[[ Excerpted data, beginning ]]
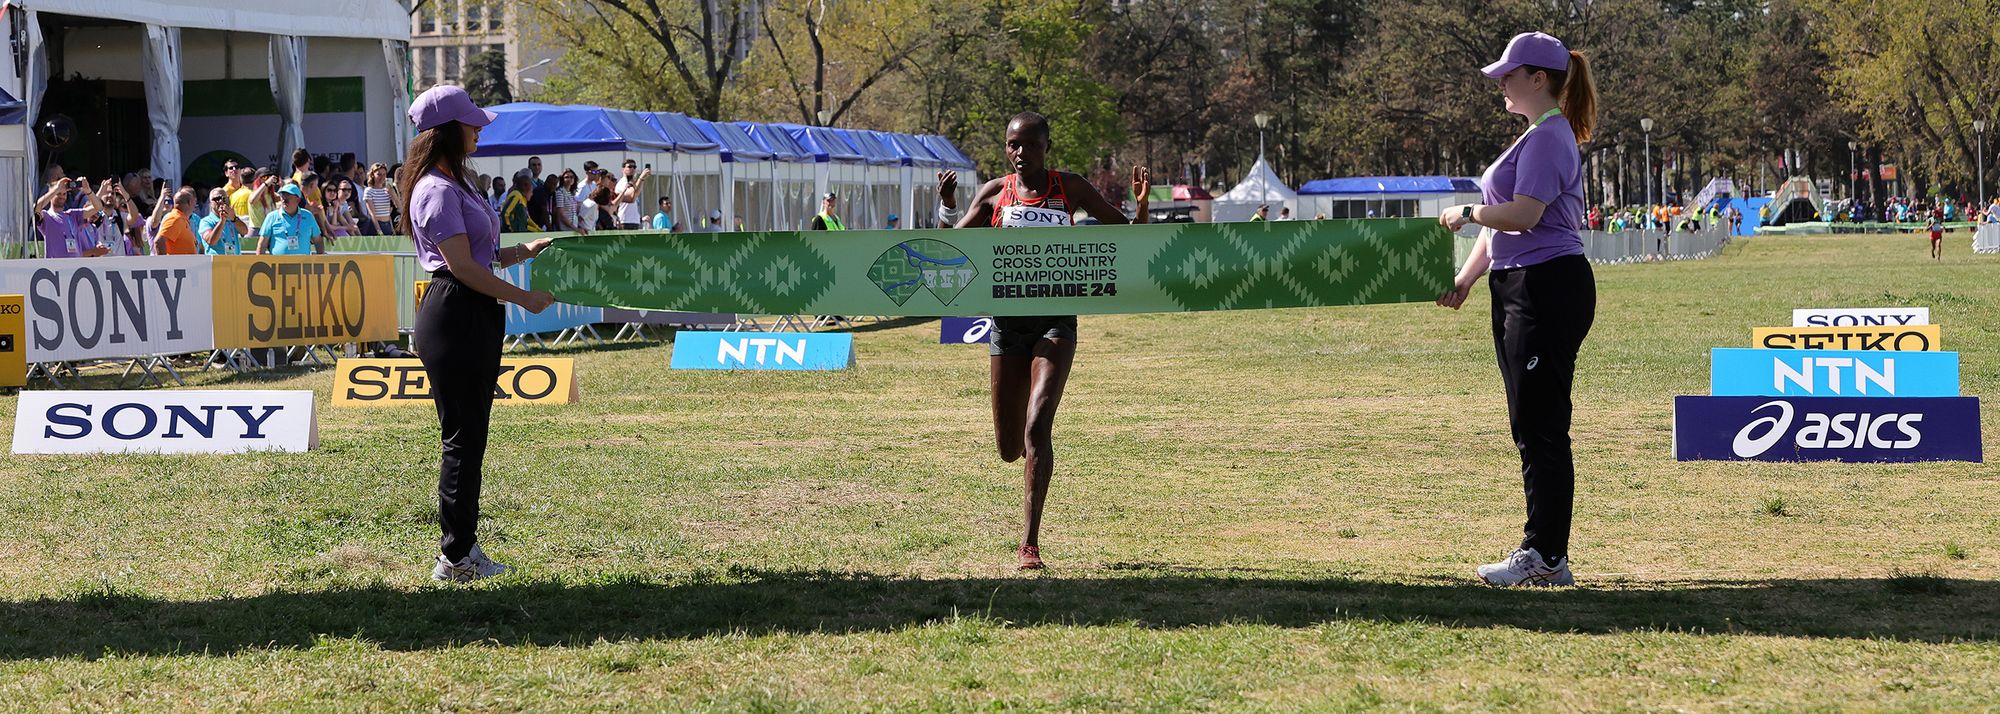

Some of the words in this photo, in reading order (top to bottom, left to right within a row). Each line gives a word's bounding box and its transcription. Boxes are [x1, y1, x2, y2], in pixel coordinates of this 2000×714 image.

[1010, 210, 1067, 225] SONY
[992, 244, 1041, 256] WORLD
[1044, 242, 1117, 255] ATHLETICS
[992, 257, 1042, 269] CROSS
[1045, 255, 1116, 268] COUNTRY
[992, 268, 1118, 283] CHAMPIONSHIPS
[992, 283, 1088, 299] BELGRADE
[1090, 282, 1117, 297] 24
[29, 267, 186, 351] SONY
[246, 259, 366, 342] SEIKO
[1806, 314, 1916, 327] SONY
[1762, 331, 1930, 351] SEIKO
[716, 337, 807, 366] NTN
[1773, 356, 1895, 396] NTN
[44, 402, 284, 440] SONY
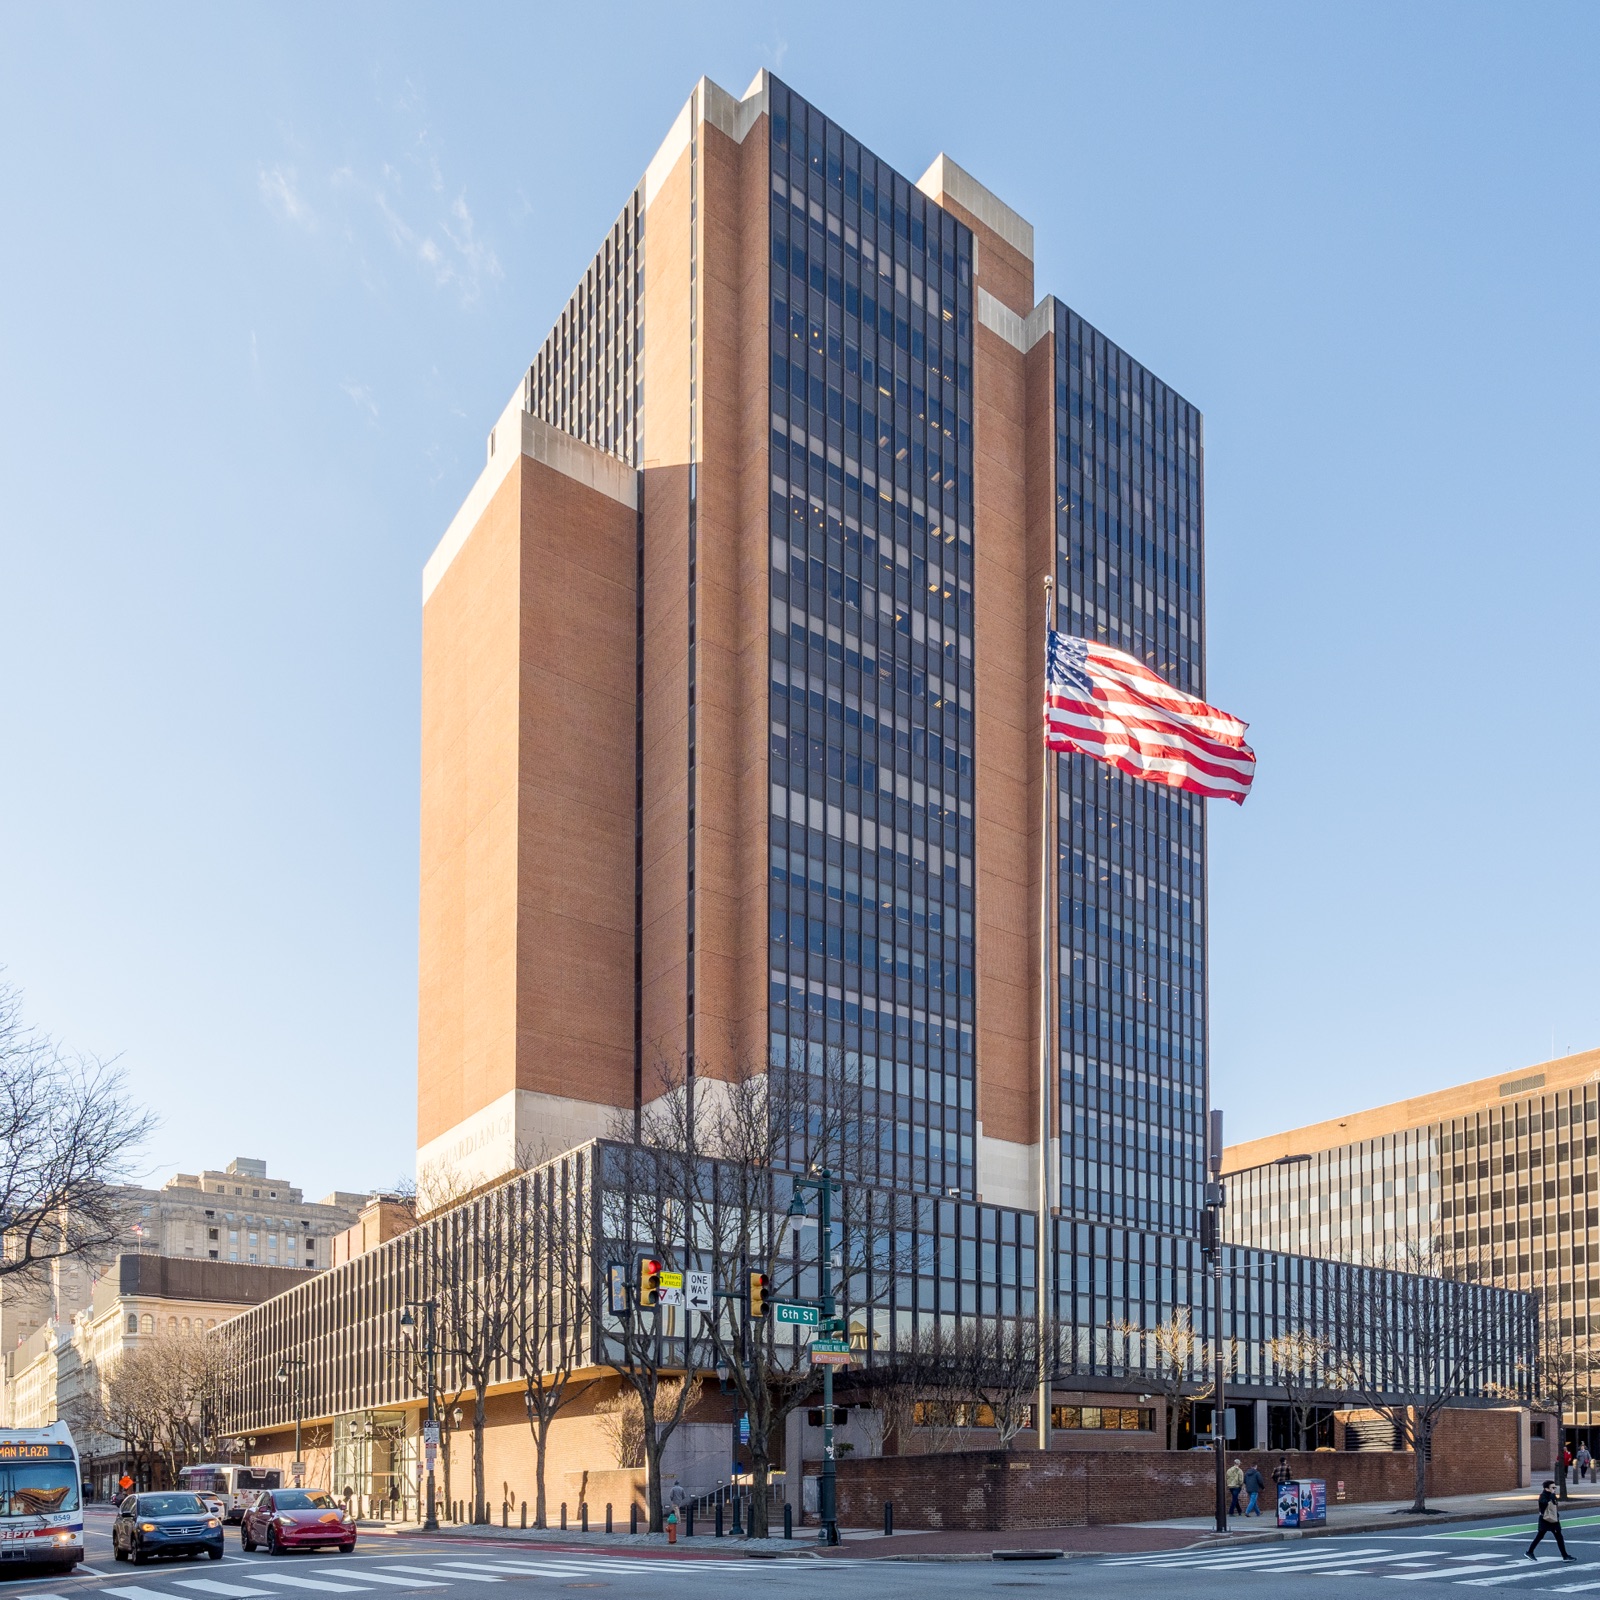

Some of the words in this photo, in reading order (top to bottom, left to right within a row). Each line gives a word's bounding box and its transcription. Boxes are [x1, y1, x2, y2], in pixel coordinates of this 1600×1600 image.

[440, 1121, 495, 1171] GUARDIAN
[499, 1111, 512, 1136] OF
[691, 1274, 708, 1285] ONE
[690, 1285, 708, 1295] WAY
[782, 1308, 799, 1320] 6th
[803, 1311, 814, 1321] St
[19, 1446, 49, 1457] PLAZA
[53, 1514, 71, 1522] 8549
[0, 1530, 36, 1539] SEPTA
[[ Excerpted data, end ]]
Exercise goal:
Return the material in full, word for word, and skip the pictures.

Solution to this task:
Some of the words in this photo, in reading order (top to bottom, left to right within a row). Each line gives a word's bounding box and its transcription. Boxes are [x1, y1, x2, y2], in pixel coordinates of this 2000×714 image.

[1010, 210, 1067, 225] SONY
[992, 244, 1041, 256] WORLD
[1044, 242, 1117, 255] ATHLETICS
[992, 257, 1042, 269] CROSS
[1045, 255, 1116, 268] COUNTRY
[992, 268, 1118, 283] CHAMPIONSHIPS
[992, 283, 1088, 299] BELGRADE
[1090, 282, 1117, 297] 24
[29, 267, 186, 351] SONY
[246, 259, 366, 342] SEIKO
[1806, 314, 1916, 327] SONY
[1762, 331, 1930, 351] SEIKO
[716, 337, 807, 366] NTN
[1773, 356, 1895, 396] NTN
[44, 402, 284, 440] SONY

Some of the words in this photo, in reading order (top to bottom, left to right within a row). Each line gives a word's bounding box and its transcription. Boxes are [x1, y1, x2, y2], in pixel coordinates of this 1600×1600 image.

[440, 1121, 495, 1171] GUARDIAN
[499, 1111, 512, 1136] OF
[691, 1274, 708, 1285] ONE
[690, 1285, 708, 1295] WAY
[782, 1308, 799, 1320] 6th
[803, 1311, 814, 1321] St
[19, 1446, 49, 1457] PLAZA
[53, 1514, 71, 1522] 8549
[0, 1530, 36, 1539] SEPTA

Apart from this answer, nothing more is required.